── Material provided
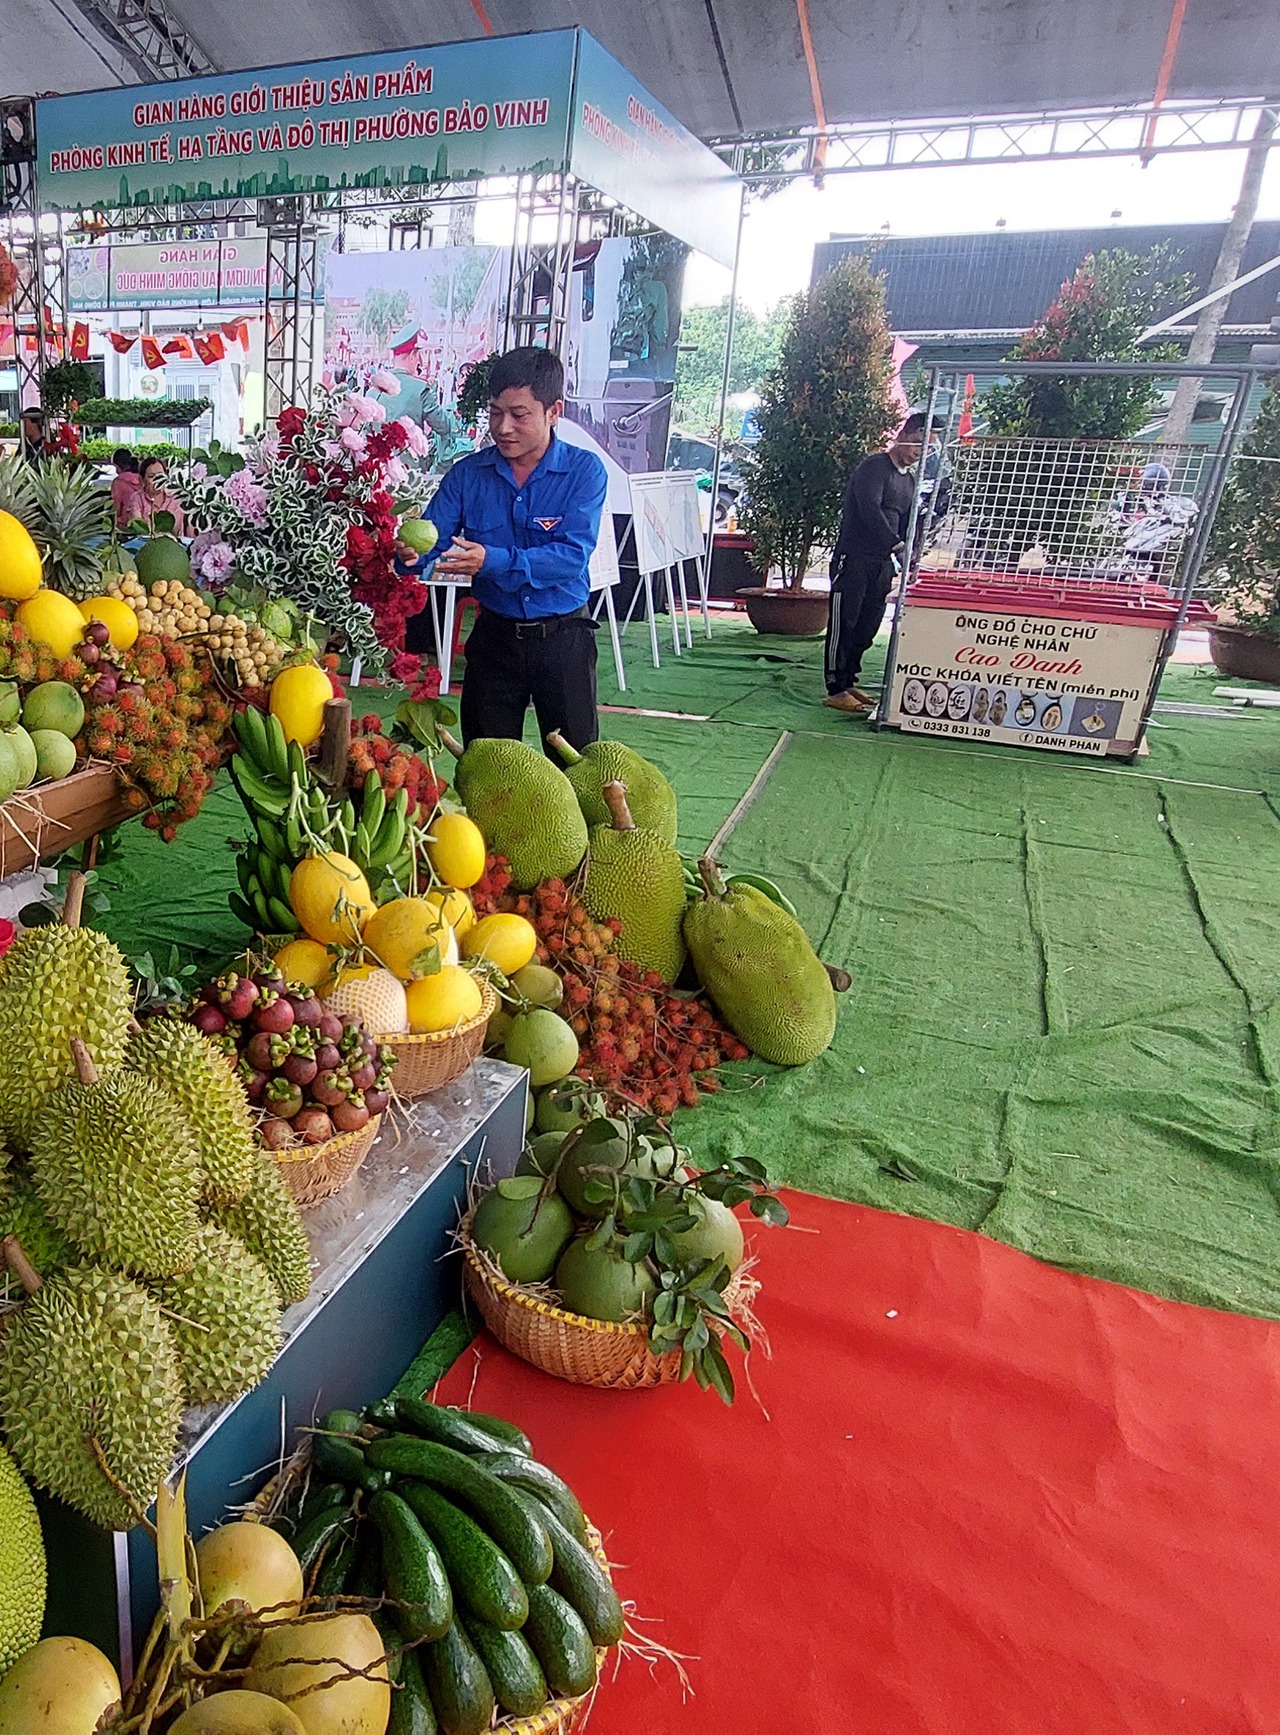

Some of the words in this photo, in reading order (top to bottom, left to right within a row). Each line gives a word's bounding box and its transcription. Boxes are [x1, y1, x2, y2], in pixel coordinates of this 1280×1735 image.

[134, 103, 172, 126] GIAN
[179, 93, 224, 120] HÀNG
[230, 84, 266, 115] GIỚI
[272, 78, 324, 110] THIỆU
[330, 71, 368, 103] SẢN
[374, 62, 432, 97] PHẨM
[582, 102, 611, 145] PHÒNG
[628, 95, 644, 128] GIAN
[51, 144, 102, 172] PHÒNG
[108, 145, 144, 166] KINH
[150, 133, 173, 164] TẾ,
[179, 136, 202, 161] HẠ
[207, 128, 252, 156] TẦNG
[258, 122, 282, 150] VÀ
[288, 119, 313, 148] ĐÔ
[319, 121, 349, 149] THỊ
[355, 108, 437, 141] PHƯỜNG
[444, 101, 487, 134] BẢO
[494, 99, 548, 128] VINH
[955, 615, 988, 630] ÔNG
[1021, 621, 1057, 636] CHO
[1061, 624, 1099, 640] CHỮ
[975, 633, 1019, 649] NGHỆ
[1024, 637, 1070, 652] NHÂN
[955, 646, 1000, 666] Cao
[1010, 652, 1082, 676] Danh
[896, 662, 931, 677] MÓC
[936, 667, 981, 683] KHÓA
[986, 671, 1024, 687] VIẾT
[1026, 676, 1058, 691] TÊN
[923, 721, 949, 734] 0333
[951, 725, 971, 736] 831
[973, 727, 991, 738] 138
[1035, 735, 1067, 748] DANH
[1070, 739, 1100, 751] PHAN
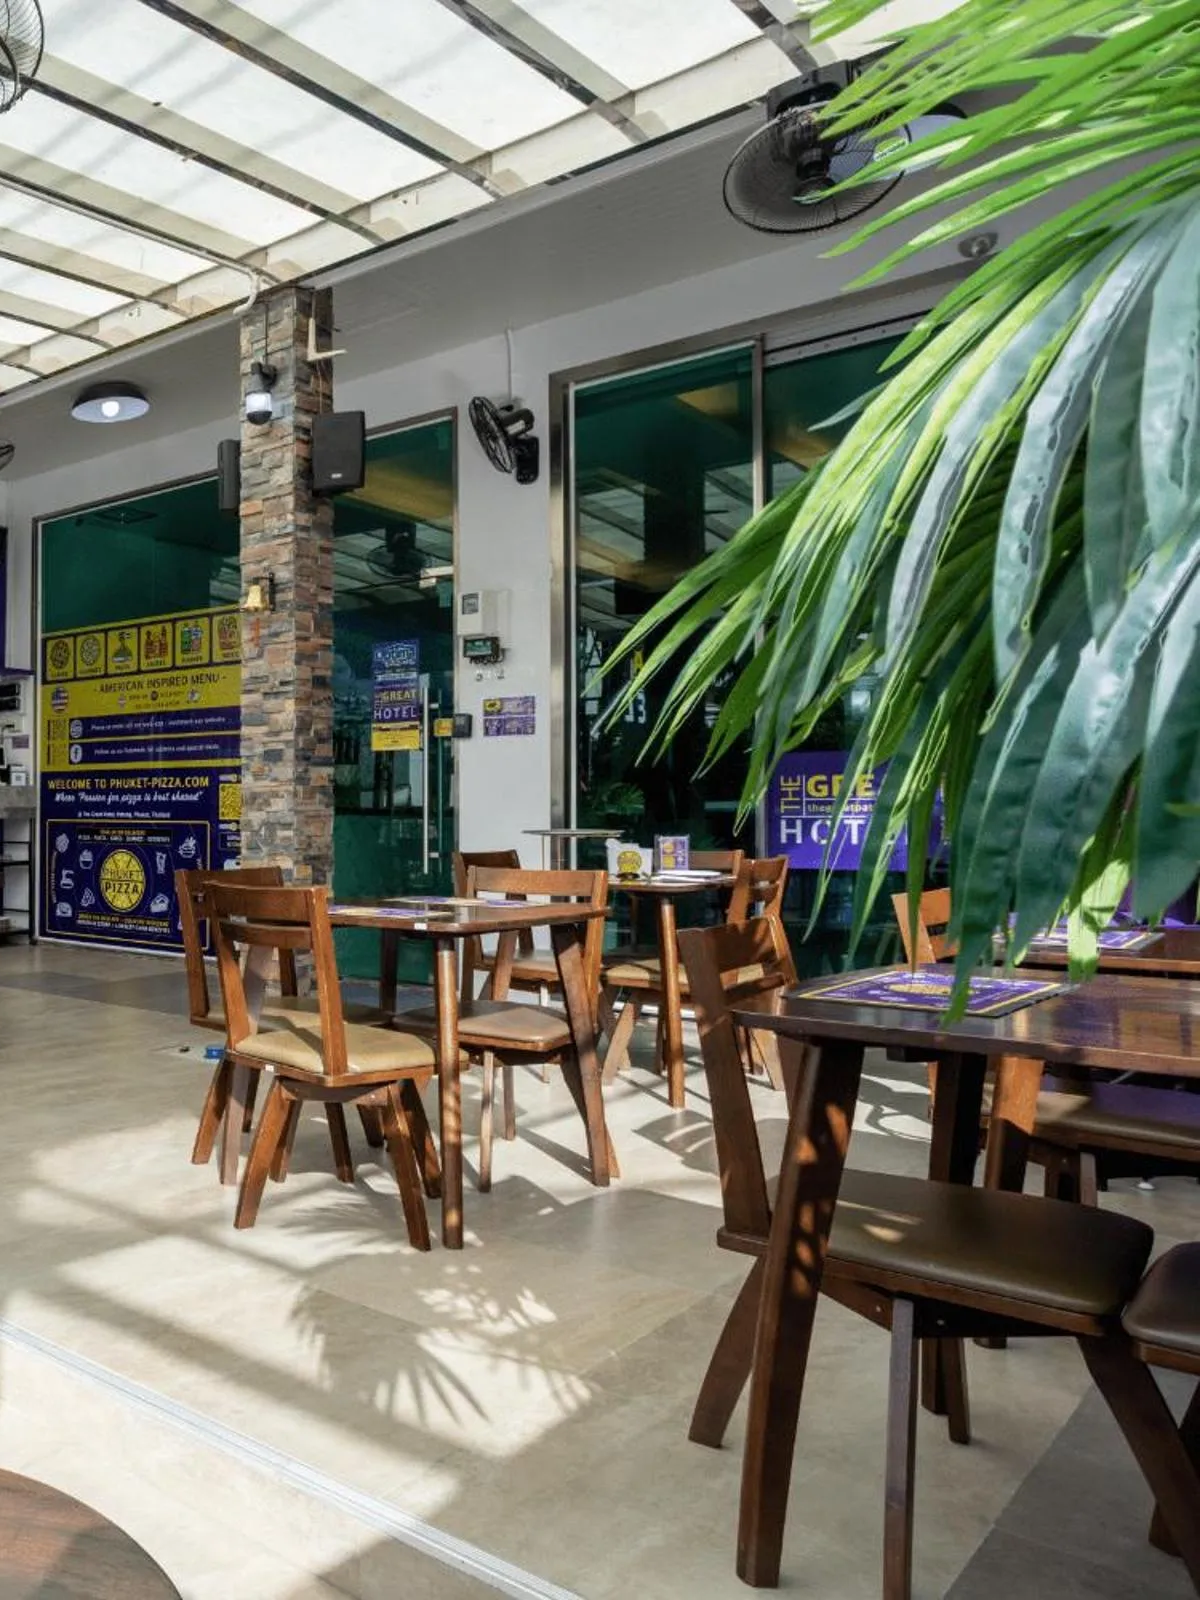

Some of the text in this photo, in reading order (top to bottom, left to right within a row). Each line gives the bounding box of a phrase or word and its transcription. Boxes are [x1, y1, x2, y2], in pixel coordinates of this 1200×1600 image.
────
Could you give the material again exactly as it stands, omitting any image?

Some of the words in this photo, in reading order (top to bottom, left to right within a row). Each line gives a word's bounding box and its transcription. Boxes are [x1, y1, x2, y2], in pixel coordinates of this 1280×1735 image.

[134, 103, 172, 126] GIAN
[179, 93, 224, 120] HÀNG
[230, 84, 266, 115] GIỚI
[272, 78, 324, 110] THIỆU
[330, 71, 368, 103] SẢN
[374, 62, 432, 97] PHẨM
[582, 102, 611, 145] PHÒNG
[628, 95, 644, 128] GIAN
[51, 144, 102, 172] PHÒNG
[108, 145, 144, 166] KINH
[150, 133, 173, 164] TẾ,
[179, 136, 202, 161] HẠ
[207, 128, 252, 156] TẦNG
[258, 122, 282, 150] VÀ
[288, 119, 313, 148] ĐÔ
[319, 121, 349, 149] THỊ
[355, 108, 437, 141] PHƯỜNG
[444, 101, 487, 134] BẢO
[494, 99, 548, 128] VINH
[955, 615, 988, 630] ÔNG
[1021, 621, 1057, 636] CHO
[1061, 624, 1099, 640] CHỮ
[975, 633, 1019, 649] NGHỆ
[1024, 637, 1070, 652] NHÂN
[955, 646, 1000, 666] Cao
[1010, 652, 1082, 676] Danh
[896, 662, 931, 677] MÓC
[936, 667, 981, 683] KHÓA
[986, 671, 1024, 687] VIẾT
[1026, 676, 1058, 691] TÊN
[923, 721, 949, 734] 0333
[951, 725, 971, 736] 831
[973, 727, 991, 738] 138
[1035, 735, 1067, 748] DANH
[1070, 739, 1100, 751] PHAN

Some of the text in this photo, in reading order (top to bottom, left to right within a row). Each line gives the bounding box of a phrase or word and its transcription. Boxes are [x1, y1, x2, y2], in pixel coordinates of this 1200×1600 image.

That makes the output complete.